* _REQUIRED WORK_
A faithful copy of all the records is needed, with the pictures omitted.

INFORMATION SUPPLIED START

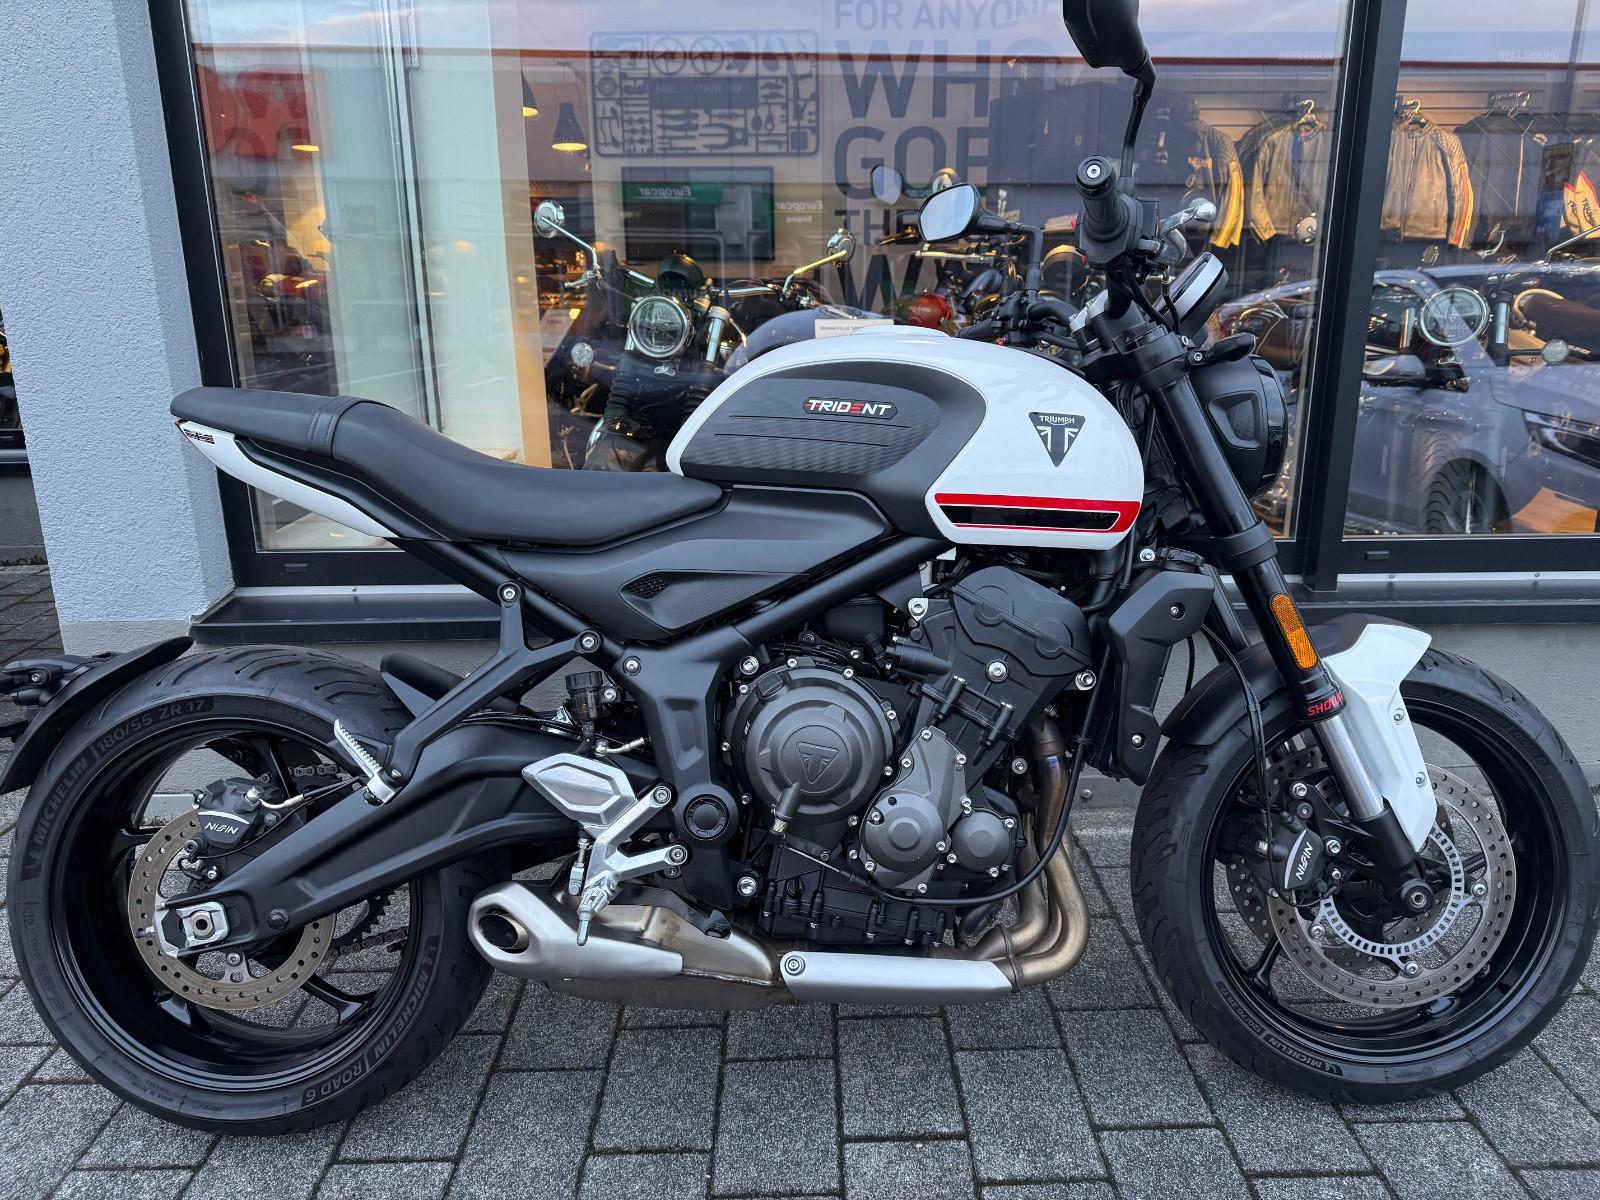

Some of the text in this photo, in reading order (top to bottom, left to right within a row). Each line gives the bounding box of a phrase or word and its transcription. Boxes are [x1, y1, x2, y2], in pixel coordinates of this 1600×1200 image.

[835, 0, 903, 30] FOR
[807, 399, 892, 416] TRIDENT
[1039, 415, 1075, 426] TRIUMPH
[33, 757, 89, 845] MICHELIN
[96, 713, 153, 752] 180/55
[158, 705, 182, 720] ZR
[205, 821, 239, 835] NISSIN
[1295, 842, 1314, 881] NISSIN
[374, 974, 429, 1060] MICHELIN
[1268, 1037, 1321, 1069] MICHELIN
[320, 1063, 362, 1096] ROAD
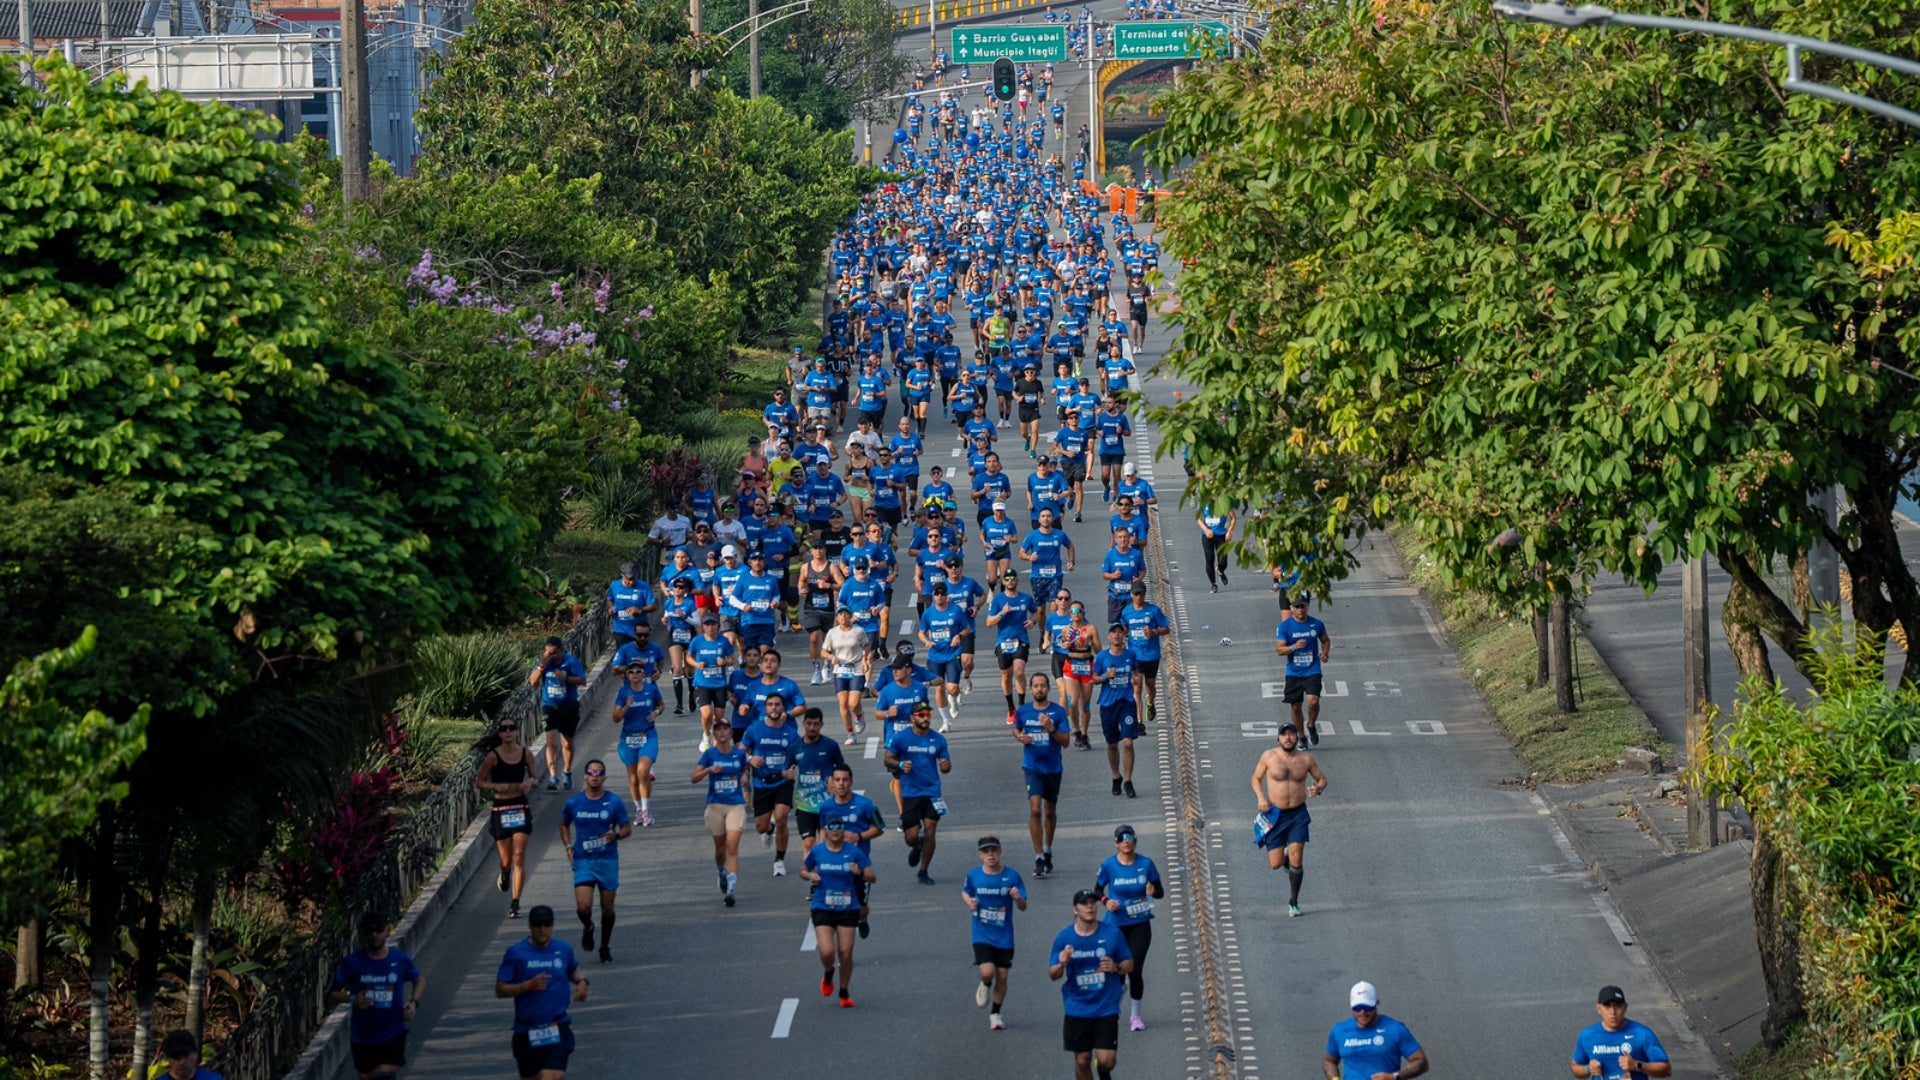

INFORMATION SUPPLIED END

* _RESPONSE AREA_
Some of the text in this photo, in reading order (top to bottom, left to right within a row). Each line gives the bounding box of a phrase or word and its transcription. Boxes are [x1, y1, x2, y2], in pixel coordinates of this 1600×1200 image.

[835, 0, 903, 30] FOR
[807, 399, 892, 416] TRIDENT
[1039, 415, 1075, 426] TRIUMPH
[33, 757, 89, 845] MICHELIN
[96, 713, 153, 752] 180/55
[158, 705, 182, 720] ZR
[205, 821, 239, 835] NISSIN
[1295, 842, 1314, 881] NISSIN
[374, 974, 429, 1060] MICHELIN
[1268, 1037, 1321, 1069] MICHELIN
[320, 1063, 362, 1096] ROAD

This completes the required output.